**Data extract**:
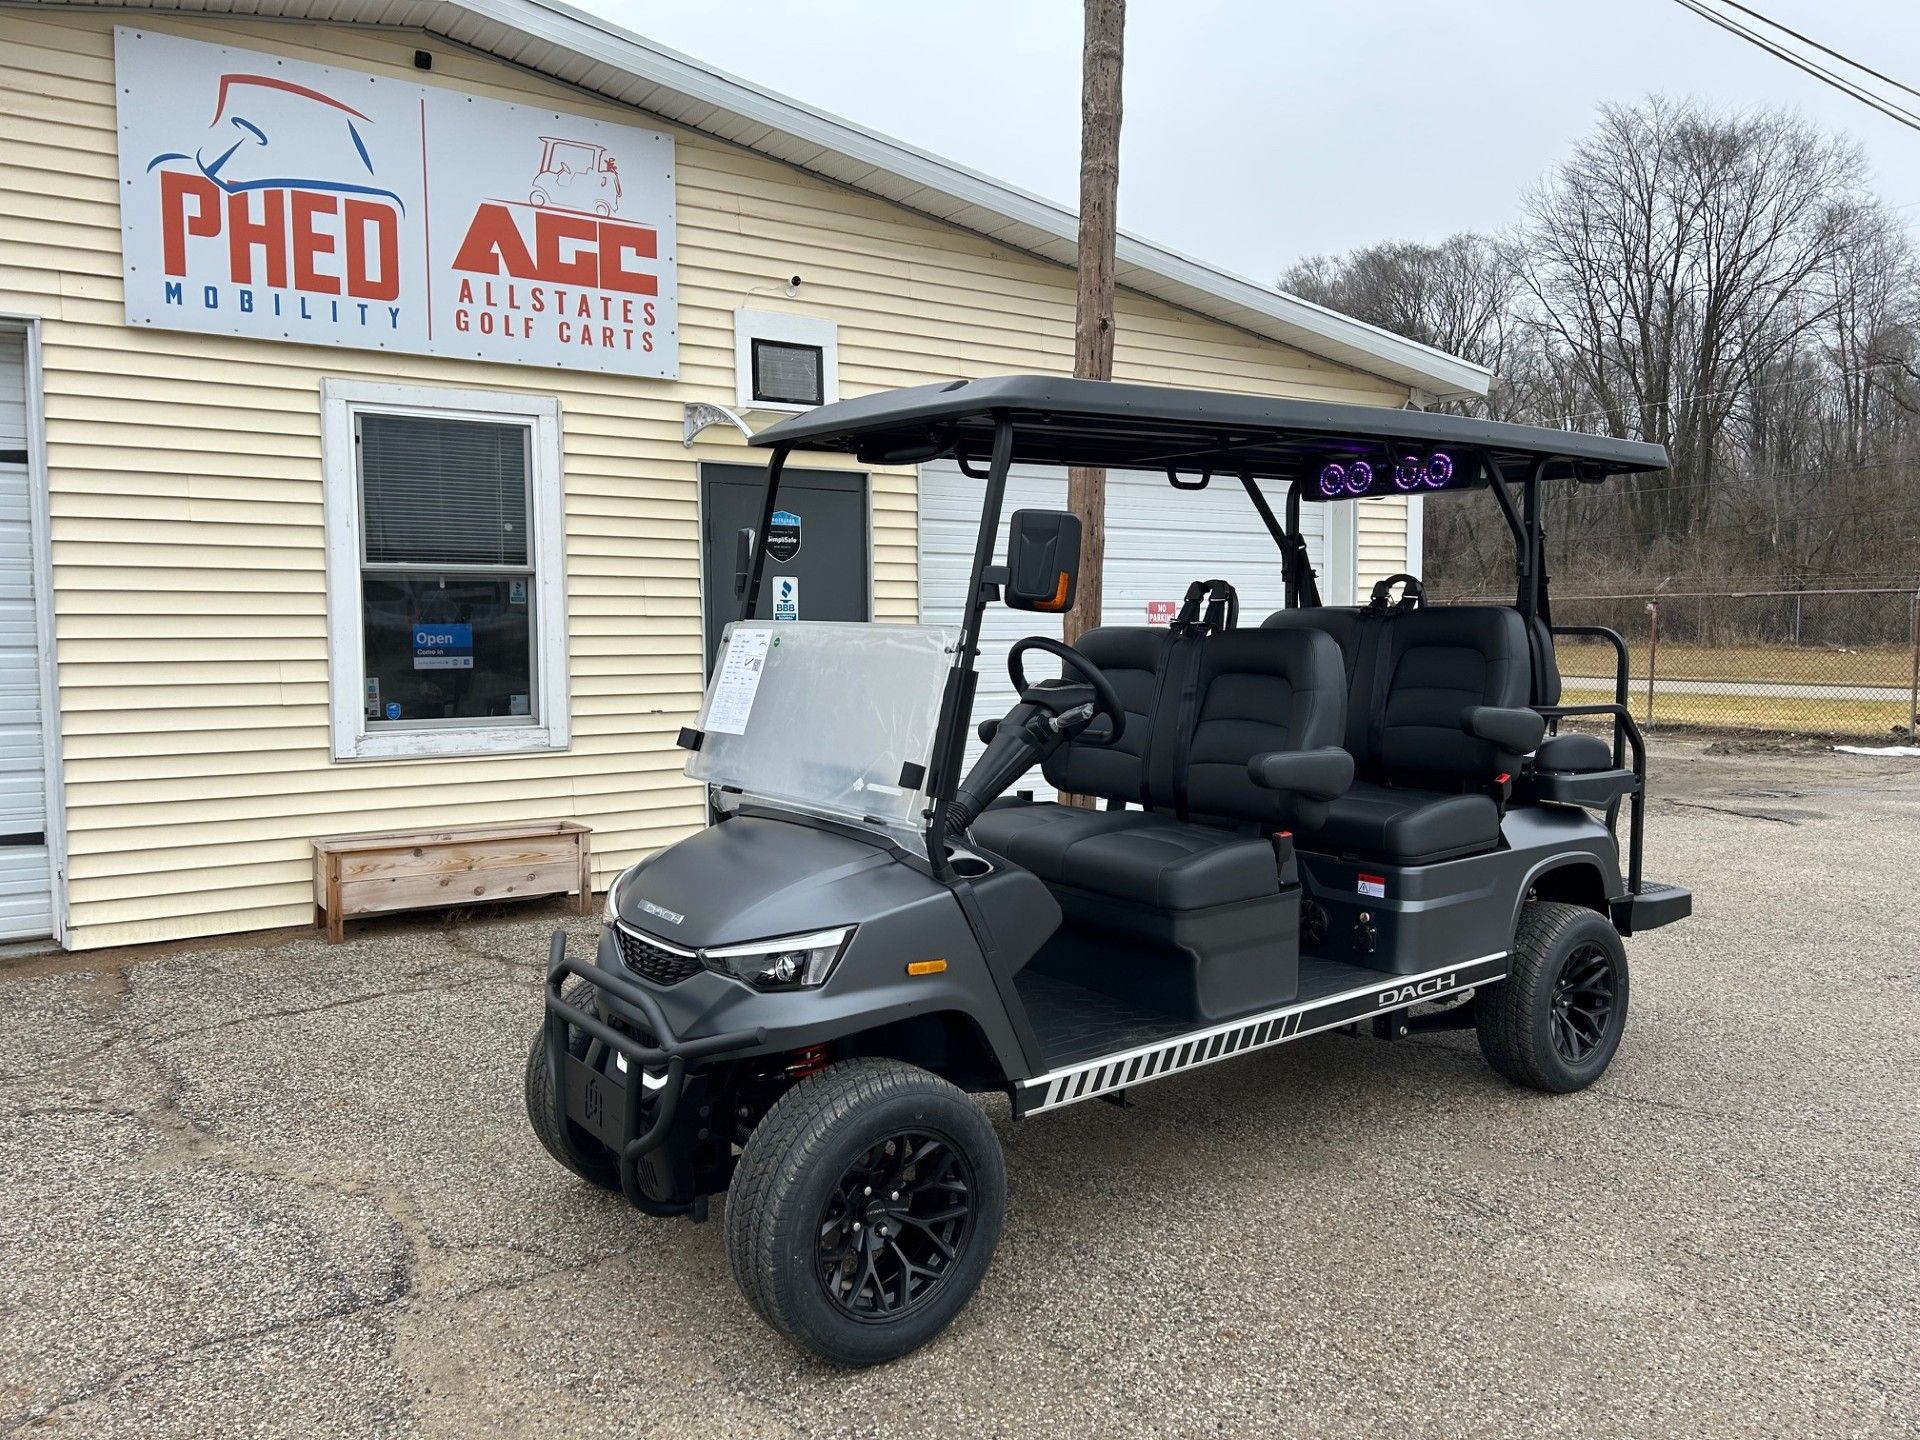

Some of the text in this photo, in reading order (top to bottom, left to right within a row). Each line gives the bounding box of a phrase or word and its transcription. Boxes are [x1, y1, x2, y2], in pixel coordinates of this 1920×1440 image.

[161, 170, 400, 302] PHED
[451, 203, 658, 296] AGC
[165, 281, 400, 329] MOBILITY
[458, 278, 656, 326] ALLSTATES
[455, 309, 653, 352] GOLF CARTS
[767, 535, 797, 544] SimpliSafe
[776, 604, 795, 612] BBB
[1157, 604, 1167, 612] NO
[416, 632, 453, 646] Open
[1379, 974, 1455, 1006] DACH
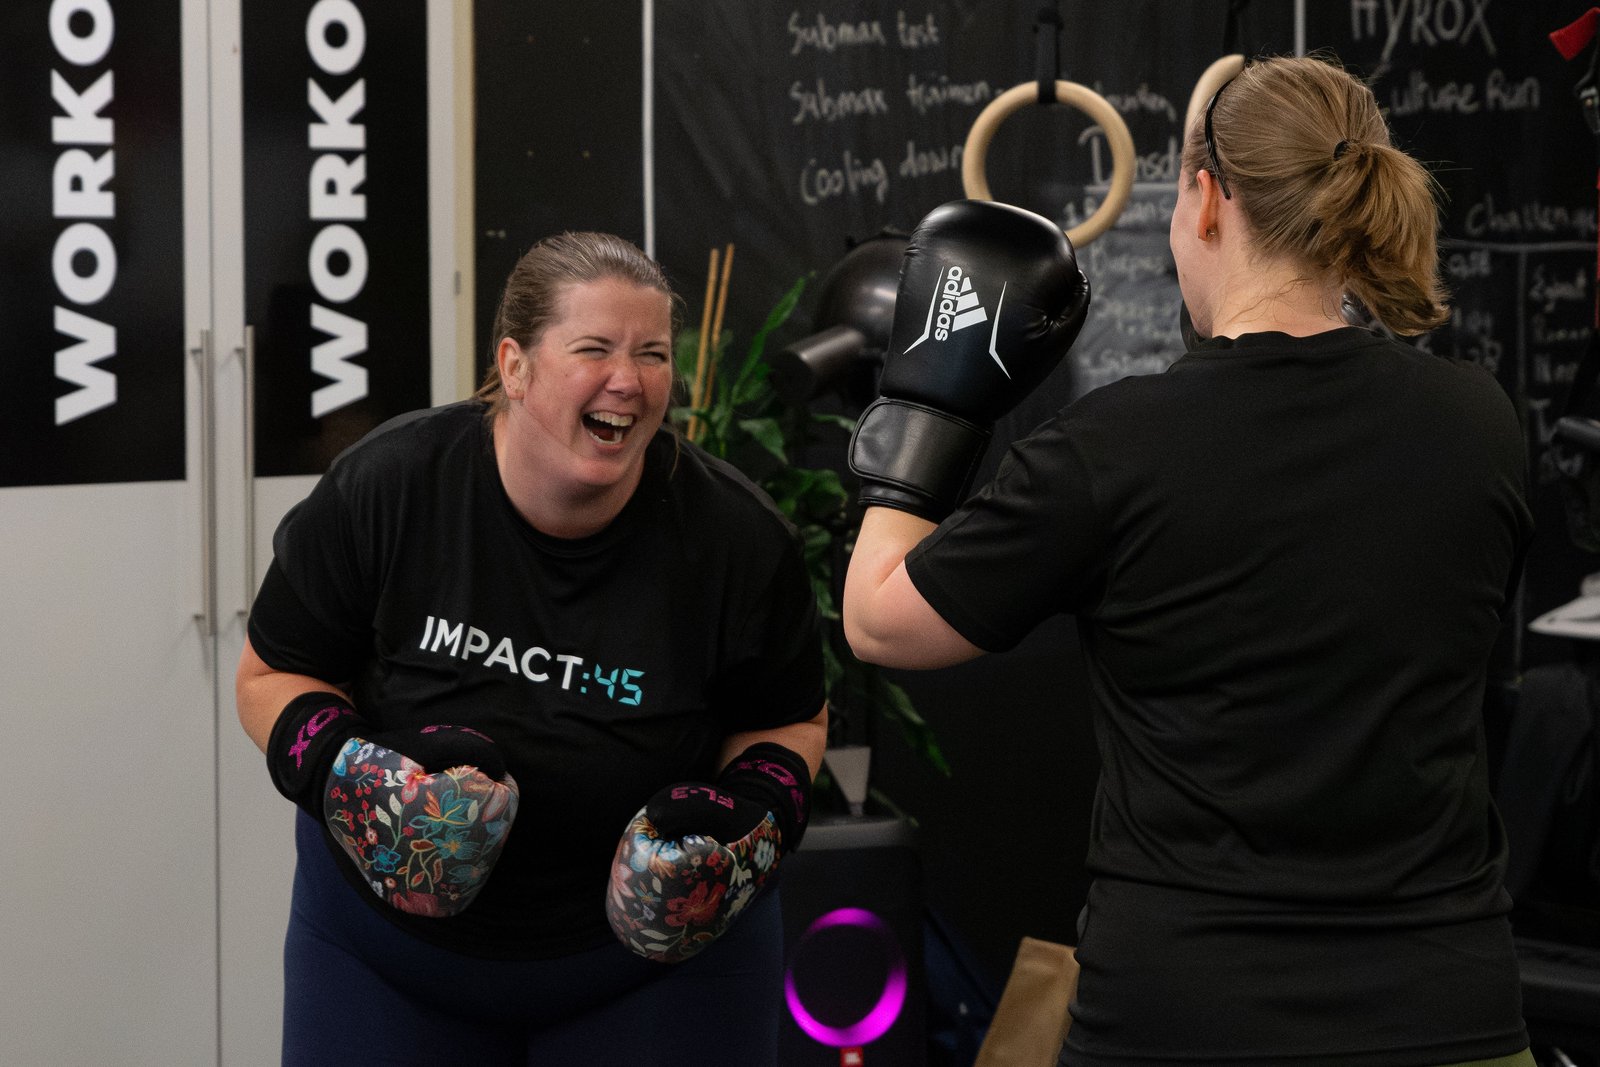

**Problem to solve**:
A verbatim copy of the data, free of pictures, is the expected answer.

**Output of the exercise**:
Some of the text in this photo, in reading order (top to bottom, left to right within a row). Each line gives the bounding box of a phrase or word and its transcription. Boxes are [x1, y1, x2, y2], in pixel coordinates of this 1920×1440 image.

[161, 170, 400, 302] PHED
[451, 203, 658, 296] AGC
[165, 281, 400, 329] MOBILITY
[458, 278, 656, 326] ALLSTATES
[455, 309, 653, 352] GOLF CARTS
[767, 535, 797, 544] SimpliSafe
[776, 604, 795, 612] BBB
[1157, 604, 1167, 612] NO
[416, 632, 453, 646] Open
[1379, 974, 1455, 1006] DACH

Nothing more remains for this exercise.